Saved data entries

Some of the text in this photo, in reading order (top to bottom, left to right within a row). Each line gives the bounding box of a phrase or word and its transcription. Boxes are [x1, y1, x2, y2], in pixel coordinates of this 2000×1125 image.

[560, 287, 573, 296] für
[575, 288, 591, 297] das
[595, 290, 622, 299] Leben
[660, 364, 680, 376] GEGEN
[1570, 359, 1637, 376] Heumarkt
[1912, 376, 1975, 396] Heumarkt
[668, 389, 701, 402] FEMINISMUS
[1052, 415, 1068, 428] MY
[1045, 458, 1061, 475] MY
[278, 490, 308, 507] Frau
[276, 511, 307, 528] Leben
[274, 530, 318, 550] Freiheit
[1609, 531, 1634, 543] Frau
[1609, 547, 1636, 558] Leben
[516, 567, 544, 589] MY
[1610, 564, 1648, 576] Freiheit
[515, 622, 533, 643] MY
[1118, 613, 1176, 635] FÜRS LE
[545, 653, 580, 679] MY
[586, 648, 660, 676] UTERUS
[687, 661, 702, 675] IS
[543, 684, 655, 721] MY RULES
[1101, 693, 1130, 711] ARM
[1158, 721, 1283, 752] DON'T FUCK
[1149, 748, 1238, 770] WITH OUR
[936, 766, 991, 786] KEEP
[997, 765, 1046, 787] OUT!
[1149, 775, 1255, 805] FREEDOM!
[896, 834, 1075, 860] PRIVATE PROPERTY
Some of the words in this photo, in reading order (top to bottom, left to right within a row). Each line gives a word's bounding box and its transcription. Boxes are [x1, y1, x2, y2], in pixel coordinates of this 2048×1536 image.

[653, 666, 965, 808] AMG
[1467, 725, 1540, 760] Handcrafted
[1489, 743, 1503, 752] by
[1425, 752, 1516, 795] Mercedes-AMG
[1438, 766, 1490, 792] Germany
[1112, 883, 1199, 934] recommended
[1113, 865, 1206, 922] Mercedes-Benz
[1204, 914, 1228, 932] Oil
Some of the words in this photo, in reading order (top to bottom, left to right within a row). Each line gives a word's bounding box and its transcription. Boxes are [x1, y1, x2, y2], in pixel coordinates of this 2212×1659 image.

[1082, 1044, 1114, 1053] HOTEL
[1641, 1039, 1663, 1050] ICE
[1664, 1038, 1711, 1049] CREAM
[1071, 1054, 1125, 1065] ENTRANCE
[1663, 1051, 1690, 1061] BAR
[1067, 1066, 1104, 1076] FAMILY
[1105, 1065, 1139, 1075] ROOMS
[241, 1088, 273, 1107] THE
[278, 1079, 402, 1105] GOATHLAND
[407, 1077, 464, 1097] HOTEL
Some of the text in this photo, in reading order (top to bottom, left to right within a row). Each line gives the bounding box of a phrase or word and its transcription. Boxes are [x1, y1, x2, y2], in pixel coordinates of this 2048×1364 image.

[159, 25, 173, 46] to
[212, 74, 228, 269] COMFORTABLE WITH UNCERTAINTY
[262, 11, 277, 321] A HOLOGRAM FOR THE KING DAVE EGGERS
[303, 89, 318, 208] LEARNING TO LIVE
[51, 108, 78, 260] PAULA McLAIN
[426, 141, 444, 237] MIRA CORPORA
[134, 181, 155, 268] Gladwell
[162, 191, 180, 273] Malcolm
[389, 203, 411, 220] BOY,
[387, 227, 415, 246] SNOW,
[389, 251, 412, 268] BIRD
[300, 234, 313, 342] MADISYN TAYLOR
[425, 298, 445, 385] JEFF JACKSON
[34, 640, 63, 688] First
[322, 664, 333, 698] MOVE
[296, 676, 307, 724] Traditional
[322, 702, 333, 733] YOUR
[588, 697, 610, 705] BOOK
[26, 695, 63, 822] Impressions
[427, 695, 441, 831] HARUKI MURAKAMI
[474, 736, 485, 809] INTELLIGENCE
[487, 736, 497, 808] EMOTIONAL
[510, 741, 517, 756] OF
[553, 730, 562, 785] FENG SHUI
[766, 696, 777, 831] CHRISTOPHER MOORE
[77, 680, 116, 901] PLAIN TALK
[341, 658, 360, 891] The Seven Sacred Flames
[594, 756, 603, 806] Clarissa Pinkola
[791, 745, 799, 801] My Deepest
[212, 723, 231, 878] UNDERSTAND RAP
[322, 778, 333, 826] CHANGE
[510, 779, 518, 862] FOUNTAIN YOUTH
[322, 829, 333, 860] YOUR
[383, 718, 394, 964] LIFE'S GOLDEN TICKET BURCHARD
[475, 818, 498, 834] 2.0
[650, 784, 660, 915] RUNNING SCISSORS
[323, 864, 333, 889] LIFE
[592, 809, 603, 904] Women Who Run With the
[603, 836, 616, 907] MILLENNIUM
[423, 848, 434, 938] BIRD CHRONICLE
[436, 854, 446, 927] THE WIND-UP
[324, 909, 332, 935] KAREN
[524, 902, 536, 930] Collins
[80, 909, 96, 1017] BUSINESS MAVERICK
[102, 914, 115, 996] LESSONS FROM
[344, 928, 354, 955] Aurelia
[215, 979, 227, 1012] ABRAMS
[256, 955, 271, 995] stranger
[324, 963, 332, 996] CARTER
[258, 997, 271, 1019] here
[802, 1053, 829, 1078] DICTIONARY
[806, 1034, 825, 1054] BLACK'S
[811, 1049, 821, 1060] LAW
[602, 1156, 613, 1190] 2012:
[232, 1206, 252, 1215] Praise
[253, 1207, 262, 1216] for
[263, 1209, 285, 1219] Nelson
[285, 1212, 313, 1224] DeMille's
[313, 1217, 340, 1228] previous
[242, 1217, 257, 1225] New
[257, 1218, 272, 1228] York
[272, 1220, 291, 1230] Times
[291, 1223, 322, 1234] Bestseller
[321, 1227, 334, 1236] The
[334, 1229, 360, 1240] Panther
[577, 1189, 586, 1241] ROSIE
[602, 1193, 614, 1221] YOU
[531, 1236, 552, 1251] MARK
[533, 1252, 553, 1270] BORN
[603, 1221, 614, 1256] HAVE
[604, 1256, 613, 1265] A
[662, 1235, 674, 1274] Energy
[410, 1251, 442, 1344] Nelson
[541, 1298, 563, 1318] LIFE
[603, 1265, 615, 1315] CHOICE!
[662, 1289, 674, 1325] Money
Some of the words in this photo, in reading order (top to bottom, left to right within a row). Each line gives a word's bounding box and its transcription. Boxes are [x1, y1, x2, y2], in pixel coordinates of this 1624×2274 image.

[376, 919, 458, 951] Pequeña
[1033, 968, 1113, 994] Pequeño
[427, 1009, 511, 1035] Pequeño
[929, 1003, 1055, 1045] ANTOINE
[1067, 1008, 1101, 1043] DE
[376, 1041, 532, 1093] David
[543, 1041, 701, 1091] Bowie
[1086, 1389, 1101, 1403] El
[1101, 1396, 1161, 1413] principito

• **Task requirements**
Copy the data. Make sure every line matches exactly.

• **Result of the exercise**
Some of the text in this photo, in reading order (top to bottom, left to right within a row). Each line gives the bounding box of a phrase or word and its transcription. Boxes are [x1, y1, x2, y2], in pixel coordinates of this 2000×1125 image.

[560, 287, 573, 296] für
[575, 288, 591, 297] das
[595, 290, 622, 299] Leben
[660, 364, 680, 376] GEGEN
[1570, 359, 1637, 376] Heumarkt
[1912, 376, 1975, 396] Heumarkt
[668, 389, 701, 402] FEMINISMUS
[1052, 415, 1068, 428] MY
[1045, 458, 1061, 475] MY
[278, 490, 308, 507] Frau
[276, 511, 307, 528] Leben
[274, 530, 318, 550] Freiheit
[1609, 531, 1634, 543] Frau
[1609, 547, 1636, 558] Leben
[516, 567, 544, 589] MY
[1610, 564, 1648, 576] Freiheit
[515, 622, 533, 643] MY
[1118, 613, 1176, 635] FÜRS LE
[545, 653, 580, 679] MY
[586, 648, 660, 676] UTERUS
[687, 661, 702, 675] IS
[543, 684, 655, 721] MY RULES
[1101, 693, 1130, 711] ARM
[1158, 721, 1283, 752] DON'T FUCK
[1149, 748, 1238, 770] WITH OUR
[936, 766, 991, 786] KEEP
[997, 765, 1046, 787] OUT!
[1149, 775, 1255, 805] FREEDOM!
[896, 834, 1075, 860] PRIVATE PROPERTY
Some of the words in this photo, in reading order (top to bottom, left to right within a row). Each line gives a word's bounding box and its transcription. Boxes are [x1, y1, x2, y2], in pixel coordinates of this 2048×1536 image.

[653, 666, 965, 808] AMG
[1467, 725, 1540, 760] Handcrafted
[1489, 743, 1503, 752] by
[1425, 752, 1516, 795] Mercedes-AMG
[1438, 766, 1490, 792] Germany
[1112, 883, 1199, 934] recommended
[1113, 865, 1206, 922] Mercedes-Benz
[1204, 914, 1228, 932] Oil
Some of the words in this photo, in reading order (top to bottom, left to right within a row). Each line gives a word's bounding box and its transcription. Boxes are [x1, y1, x2, y2], in pixel coordinates of this 2212×1659 image.

[1082, 1044, 1114, 1053] HOTEL
[1641, 1039, 1663, 1050] ICE
[1664, 1038, 1711, 1049] CREAM
[1071, 1054, 1125, 1065] ENTRANCE
[1663, 1051, 1690, 1061] BAR
[1067, 1066, 1104, 1076] FAMILY
[1105, 1065, 1139, 1075] ROOMS
[241, 1088, 273, 1107] THE
[278, 1079, 402, 1105] GOATHLAND
[407, 1077, 464, 1097] HOTEL
Some of the text in this photo, in reading order (top to bottom, left to right within a row). Each line gives the bounding box of a phrase or word and its transcription. Boxes are [x1, y1, x2, y2], in pixel coordinates of this 2048×1364 image.

[159, 25, 173, 46] to
[212, 74, 228, 269] COMFORTABLE WITH UNCERTAINTY
[262, 11, 277, 321] A HOLOGRAM FOR THE KING DAVE EGGERS
[303, 89, 318, 208] LEARNING TO LIVE
[51, 108, 78, 260] PAULA McLAIN
[426, 141, 444, 237] MIRA CORPORA
[134, 181, 155, 268] Gladwell
[162, 191, 180, 273] Malcolm
[389, 203, 411, 220] BOY,
[387, 227, 415, 246] SNOW,
[389, 251, 412, 268] BIRD
[300, 234, 313, 342] MADISYN TAYLOR
[425, 298, 445, 385] JEFF JACKSON
[34, 640, 63, 688] First
[322, 664, 333, 698] MOVE
[296, 676, 307, 724] Traditional
[322, 702, 333, 733] YOUR
[588, 697, 610, 705] BOOK
[26, 695, 63, 822] Impressions
[427, 695, 441, 831] HARUKI MURAKAMI
[474, 736, 485, 809] INTELLIGENCE
[487, 736, 497, 808] EMOTIONAL
[510, 741, 517, 756] OF
[553, 730, 562, 785] FENG SHUI
[766, 696, 777, 831] CHRISTOPHER MOORE
[77, 680, 116, 901] PLAIN TALK
[341, 658, 360, 891] The Seven Sacred Flames
[594, 756, 603, 806] Clarissa Pinkola
[791, 745, 799, 801] My Deepest
[212, 723, 231, 878] UNDERSTAND RAP
[322, 778, 333, 826] CHANGE
[510, 779, 518, 862] FOUNTAIN YOUTH
[322, 829, 333, 860] YOUR
[383, 718, 394, 964] LIFE'S GOLDEN TICKET BURCHARD
[475, 818, 498, 834] 2.0
[650, 784, 660, 915] RUNNING SCISSORS
[323, 864, 333, 889] LIFE
[592, 809, 603, 904] Women Who Run With the
[603, 836, 616, 907] MILLENNIUM
[423, 848, 434, 938] BIRD CHRONICLE
[436, 854, 446, 927] THE WIND-UP
[324, 909, 332, 935] KAREN
[524, 902, 536, 930] Collins
[80, 909, 96, 1017] BUSINESS MAVERICK
[102, 914, 115, 996] LESSONS FROM
[344, 928, 354, 955] Aurelia
[215, 979, 227, 1012] ABRAMS
[256, 955, 271, 995] stranger
[324, 963, 332, 996] CARTER
[258, 997, 271, 1019] here
[802, 1053, 829, 1078] DICTIONARY
[806, 1034, 825, 1054] BLACK'S
[811, 1049, 821, 1060] LAW
[602, 1156, 613, 1190] 2012:
[232, 1206, 252, 1215] Praise
[253, 1207, 262, 1216] for
[263, 1209, 285, 1219] Nelson
[285, 1212, 313, 1224] DeMille's
[313, 1217, 340, 1228] previous
[242, 1217, 257, 1225] New
[257, 1218, 272, 1228] York
[272, 1220, 291, 1230] Times
[291, 1223, 322, 1234] Bestseller
[321, 1227, 334, 1236] The
[334, 1229, 360, 1240] Panther
[577, 1189, 586, 1241] ROSIE
[602, 1193, 614, 1221] YOU
[531, 1236, 552, 1251] MARK
[533, 1252, 553, 1270] BORN
[603, 1221, 614, 1256] HAVE
[604, 1256, 613, 1265] A
[662, 1235, 674, 1274] Energy
[410, 1251, 442, 1344] Nelson
[541, 1298, 563, 1318] LIFE
[603, 1265, 615, 1315] CHOICE!
[662, 1289, 674, 1325] Money
Some of the words in this photo, in reading order (top to bottom, left to right within a row). Each line gives a word's bounding box and its transcription. Boxes are [x1, y1, x2, y2], in pixel coordinates of this 1624×2274 image.

[376, 919, 458, 951] Pequeña
[1033, 968, 1113, 994] Pequeño
[427, 1009, 511, 1035] Pequeño
[929, 1003, 1055, 1045] ANTOINE
[1067, 1008, 1101, 1043] DE
[376, 1041, 532, 1093] David
[543, 1041, 701, 1091] Bowie
[1086, 1389, 1101, 1403] El
[1101, 1396, 1161, 1413] principito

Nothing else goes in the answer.